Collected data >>
↓

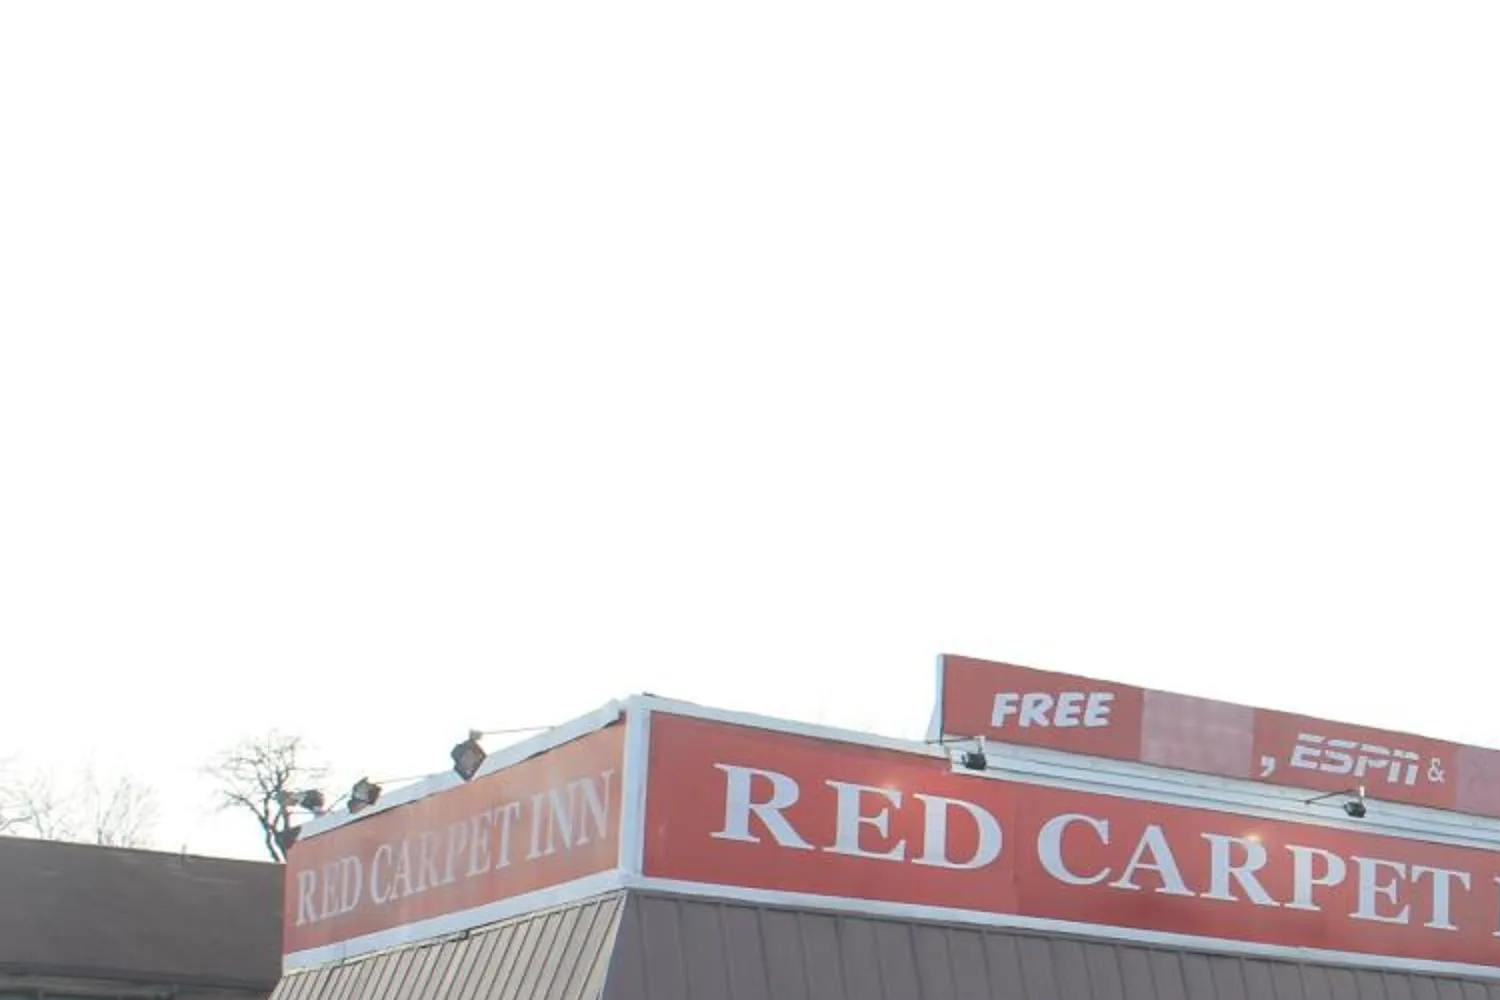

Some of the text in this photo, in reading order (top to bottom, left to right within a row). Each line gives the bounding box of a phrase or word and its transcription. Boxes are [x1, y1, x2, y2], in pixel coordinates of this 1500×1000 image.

[990, 692, 1113, 728] FREE
[1290, 733, 1419, 785] ESPN
[296, 771, 615, 926] RED CARPET INN
[710, 763, 1003, 870] RED
[1036, 813, 1471, 931] CARPET
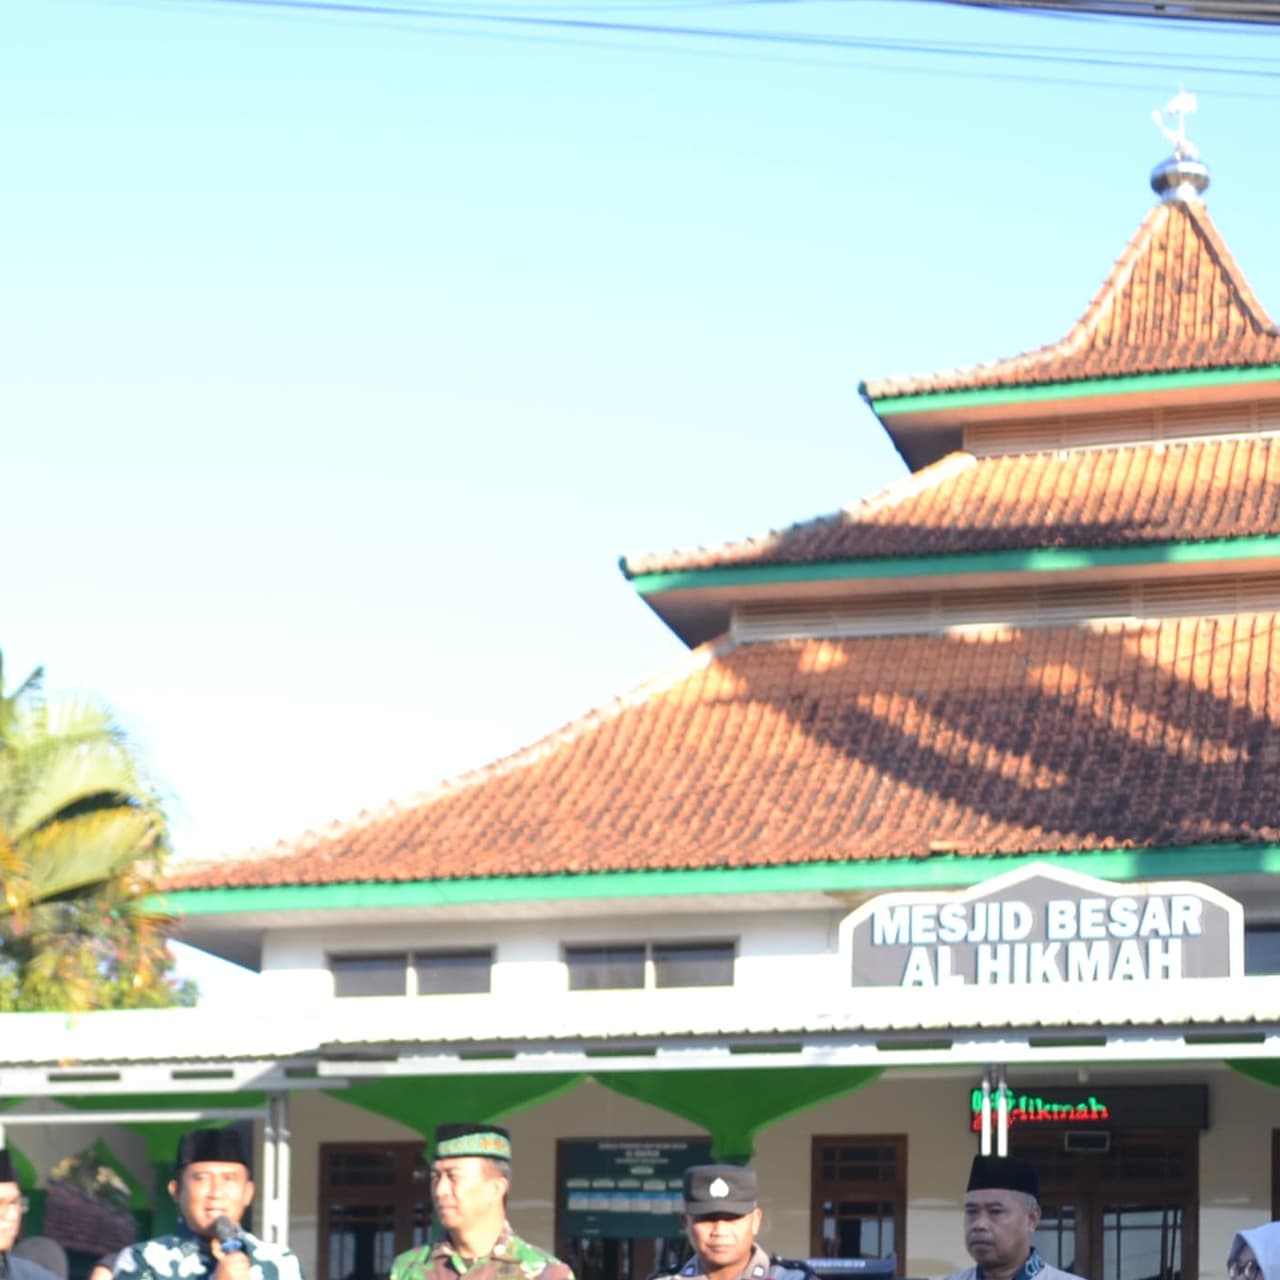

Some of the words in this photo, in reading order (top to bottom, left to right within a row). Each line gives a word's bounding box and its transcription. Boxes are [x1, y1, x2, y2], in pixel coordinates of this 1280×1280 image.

↑

What to produce >> The records above are to be repeated exactly, with the pictures left out.

Solution for this exercise >>
Some of the text in this photo, in reading order (top to bottom, left to right within a row). Each line gives the bounding box of a phrase or word and its transcription. Boxes are [x1, y1, x2, y2], in pixel coordinates of this 1500×1000 image.

[990, 692, 1113, 728] FREE
[1290, 733, 1419, 785] ESPN
[296, 771, 615, 926] RED CARPET INN
[710, 763, 1003, 870] RED
[1036, 813, 1471, 931] CARPET

Some of the words in this photo, in reading order (top to bottom, left to right within a row). Each line gives a word's bounding box and its transcription. Boxes are [x1, y1, x2, y2], in pixel coordinates of this 1280×1280 image.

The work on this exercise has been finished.